ACTION ITEM >>
From the line containing "Some of the words" to the last line of the data, both included, transcribe each line exactly, leaving out pictures and adding nothing.

RECORDS SHOWN >>
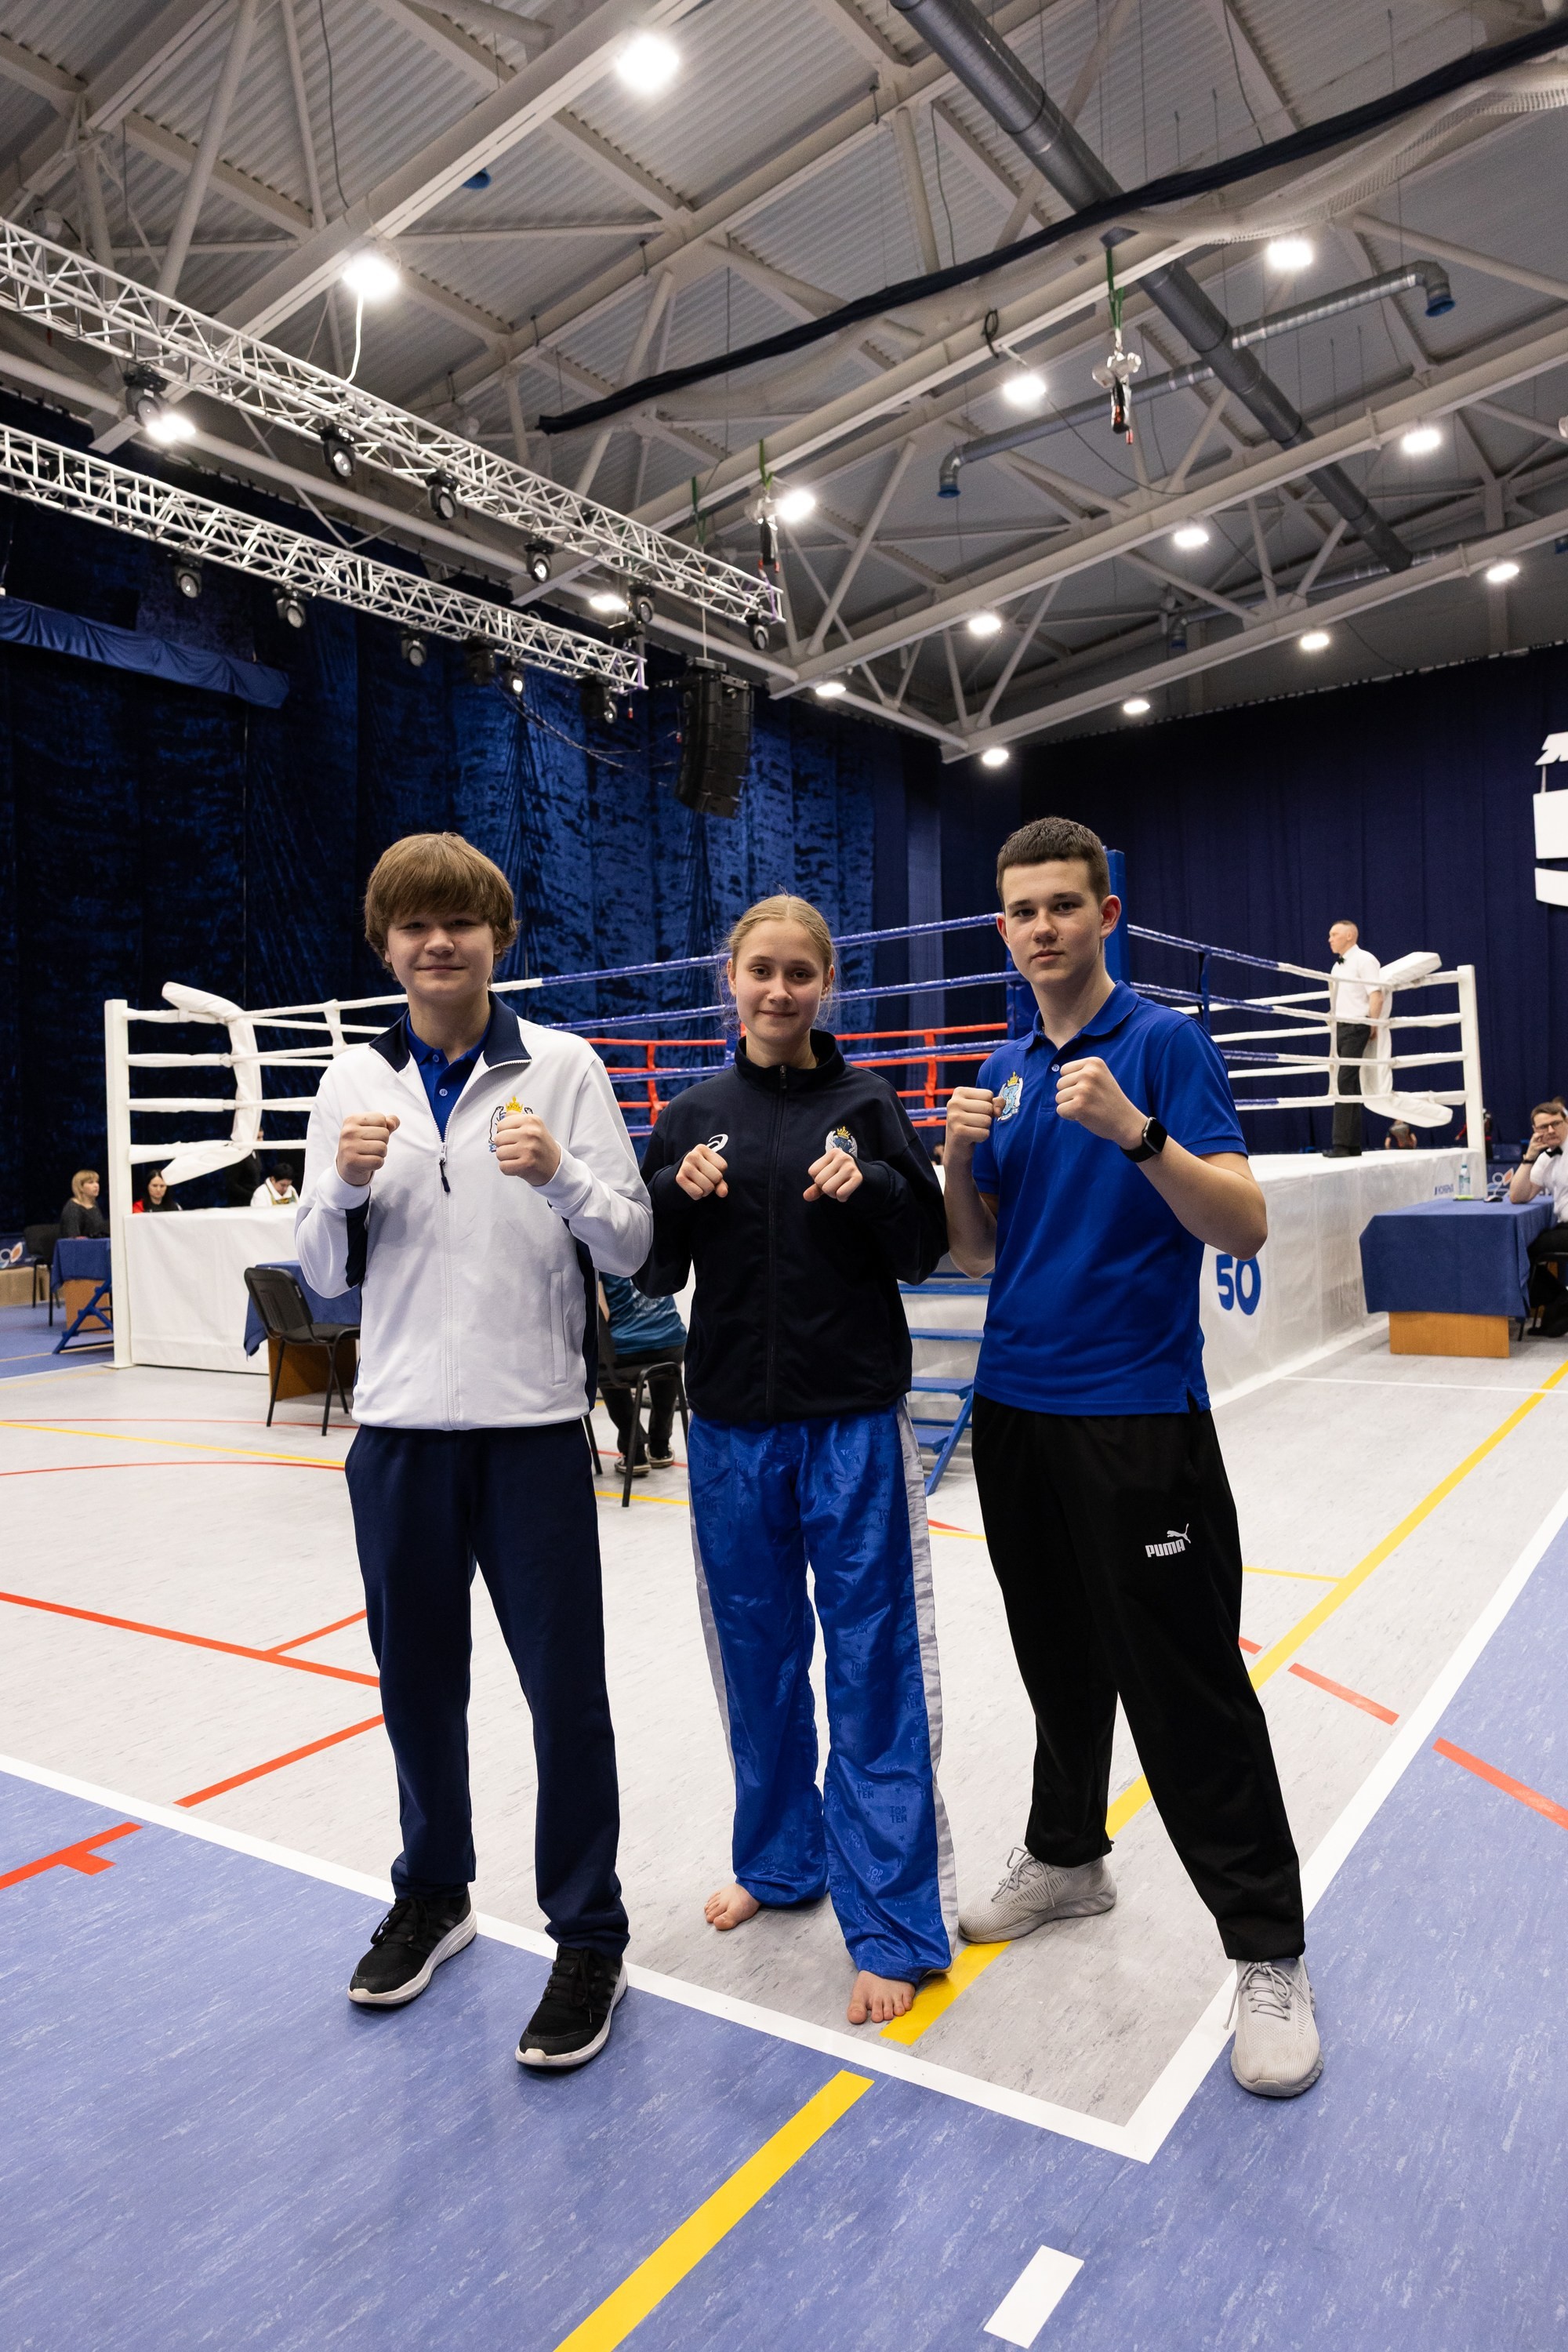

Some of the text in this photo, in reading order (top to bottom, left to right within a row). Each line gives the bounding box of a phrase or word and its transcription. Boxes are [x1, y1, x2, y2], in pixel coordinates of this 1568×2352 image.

[1217, 1254, 1261, 1315] 50
[1145, 1539, 1185, 1557] PUMA
[905, 1700, 921, 1709] TEN
[857, 1781, 873, 1790] TOP
[856, 1790, 874, 1799] TEN
[890, 1806, 906, 1814] TOP
[890, 1814, 908, 1824] TEN
[869, 1865, 883, 1877] TOP
[866, 1872, 881, 1882] TEN
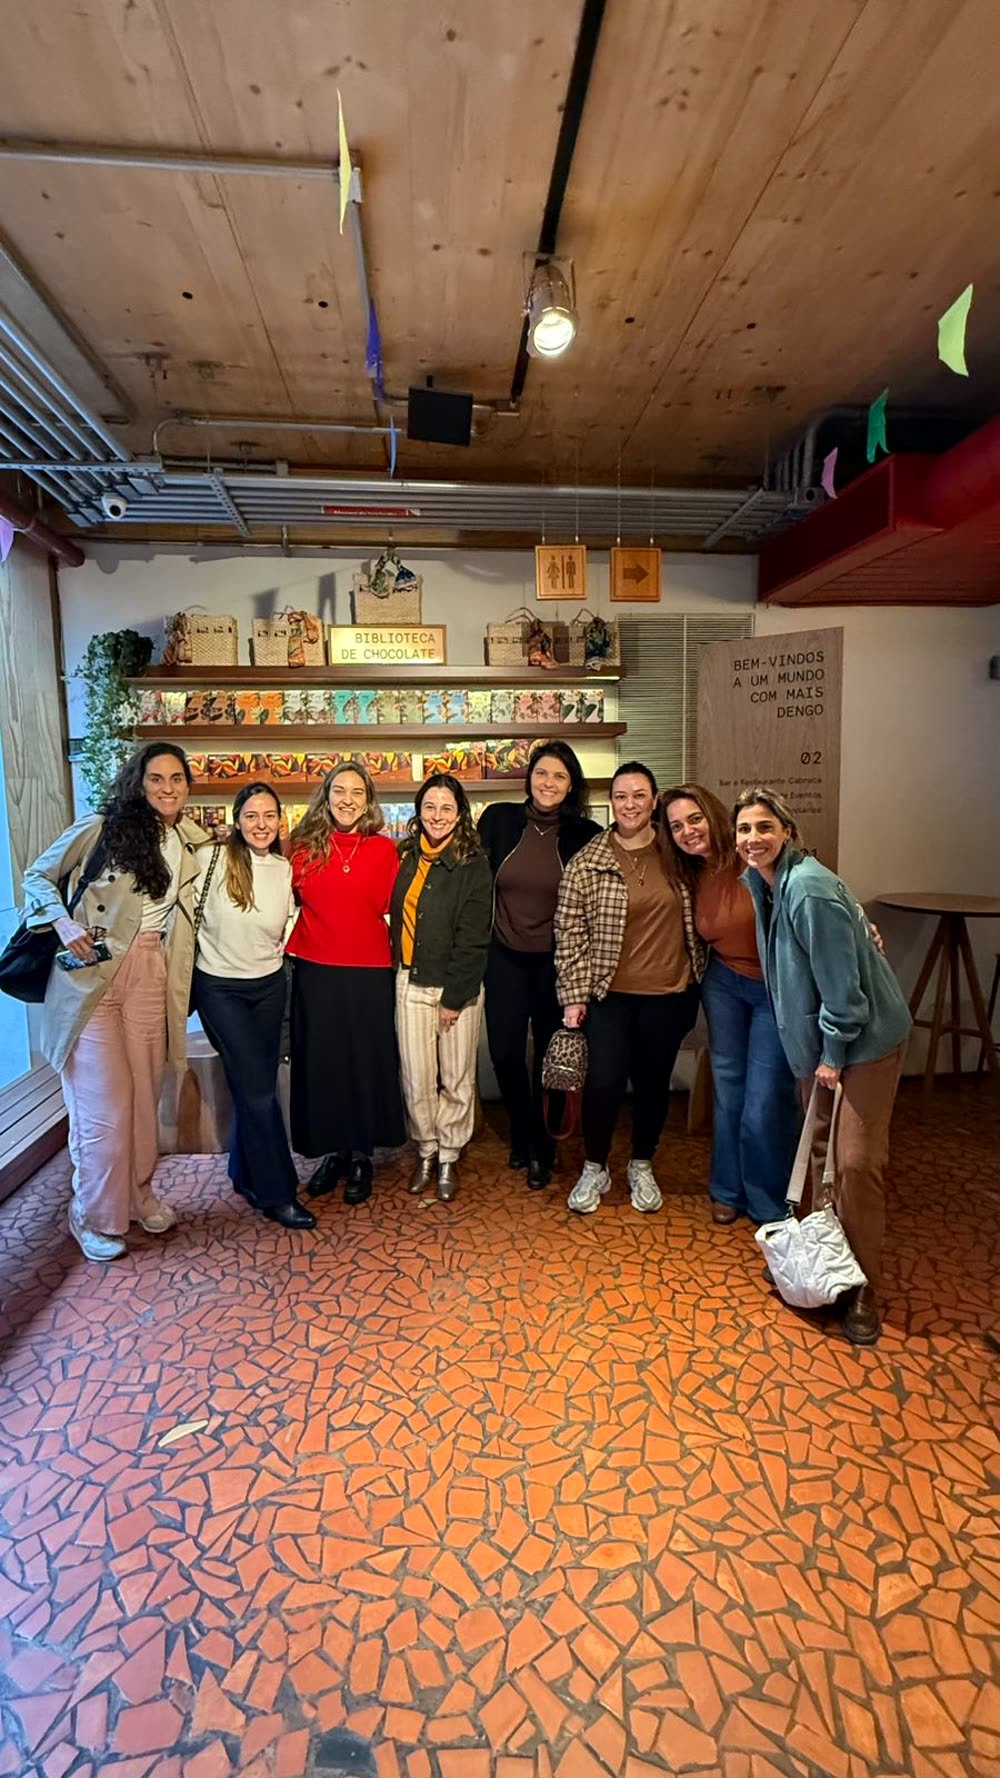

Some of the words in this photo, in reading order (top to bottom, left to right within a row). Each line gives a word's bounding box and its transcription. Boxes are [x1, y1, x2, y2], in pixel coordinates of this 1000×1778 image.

[355, 632, 436, 644] BIBLIOTECA
[341, 648, 357, 660] DE
[363, 648, 435, 660] CHOCOLATE
[733, 650, 825, 672] BEM-VINDOS
[732, 677, 742, 689] A
[750, 674, 769, 687] UM
[777, 668, 825, 684] MUNDO
[750, 691, 777, 704] COM
[786, 686, 824, 700] MAIS
[777, 703, 824, 719] DENGO
[801, 751, 822, 765] 02
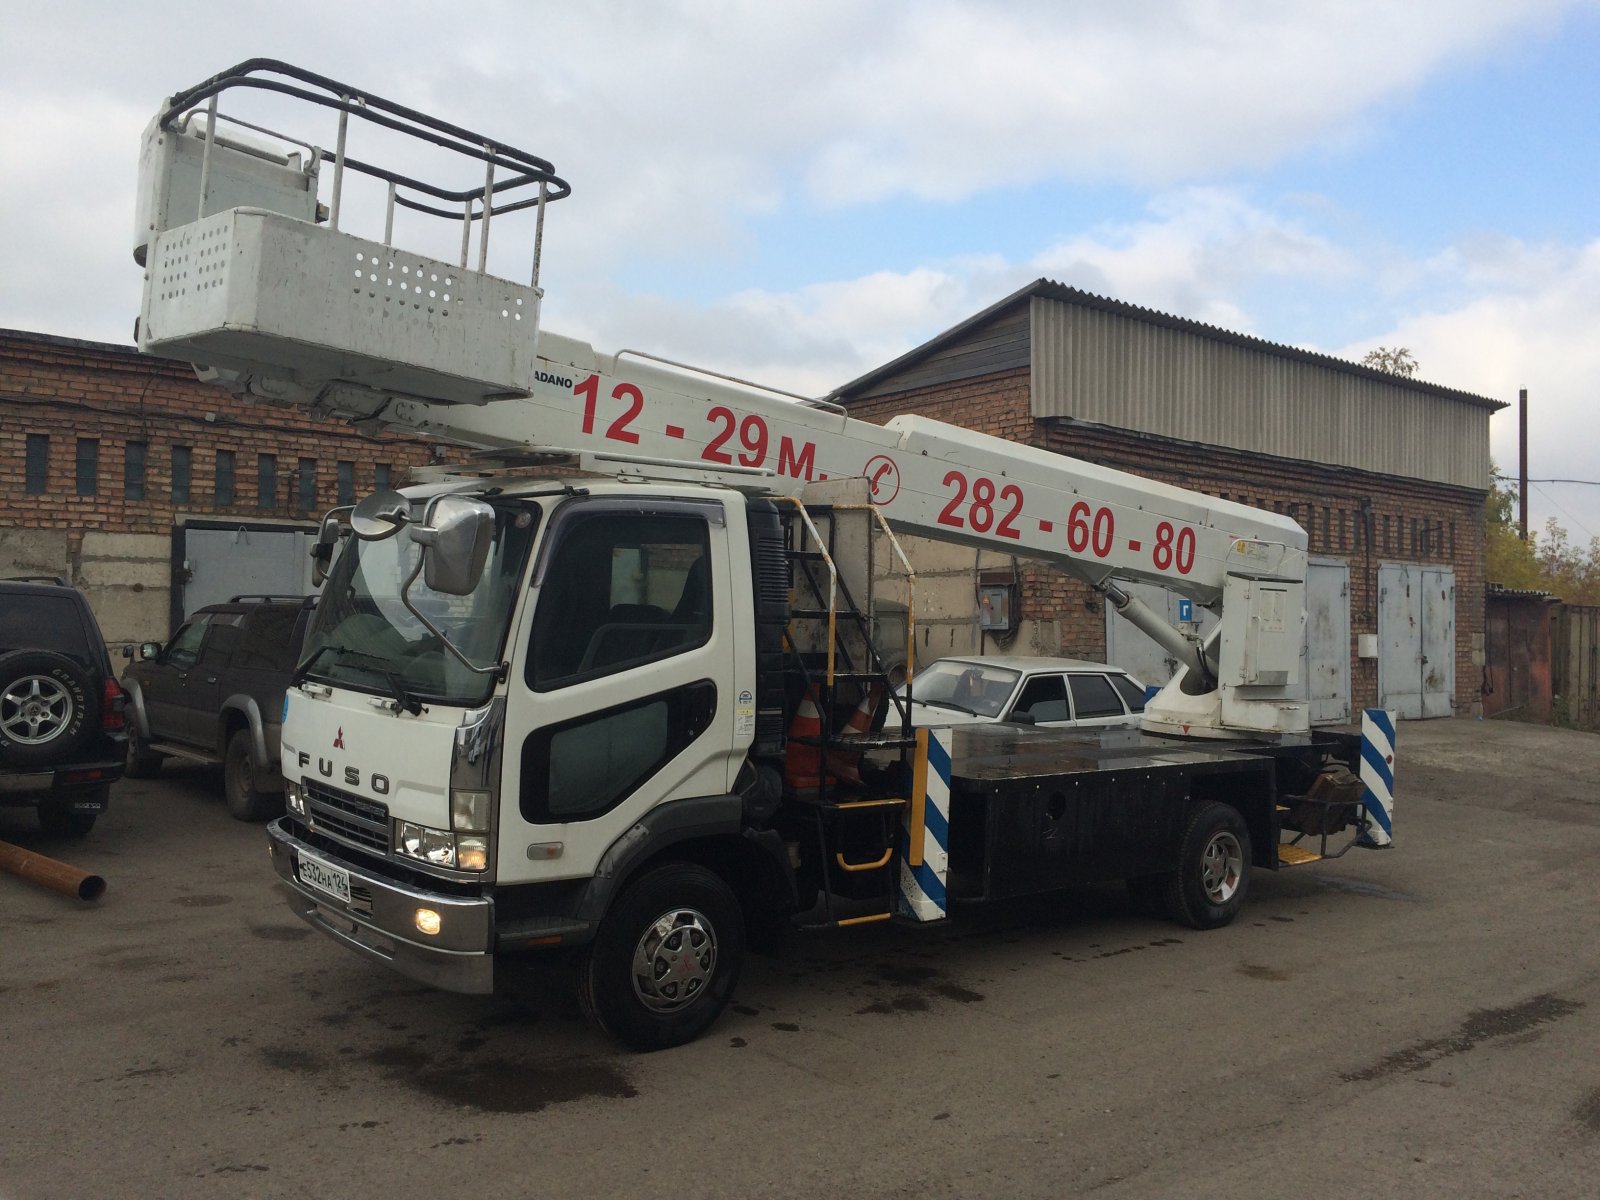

WRITTEN ANSWER >>
Some of the words in this photo, in reading order (top to bottom, left to right within a row). Each line gives a word's bounding box and its transcription. Boxes are [x1, y1, x2, y2], in pixel coordinates of this 1000×1778 image.

[355, 632, 436, 644] BIBLIOTECA
[341, 648, 357, 660] DE
[363, 648, 435, 660] CHOCOLATE
[733, 650, 825, 672] BEM-VINDOS
[732, 677, 742, 689] A
[750, 674, 769, 687] UM
[777, 668, 825, 684] MUNDO
[750, 691, 777, 704] COM
[786, 686, 824, 700] MAIS
[777, 703, 824, 719] DENGO
[801, 751, 822, 765] 02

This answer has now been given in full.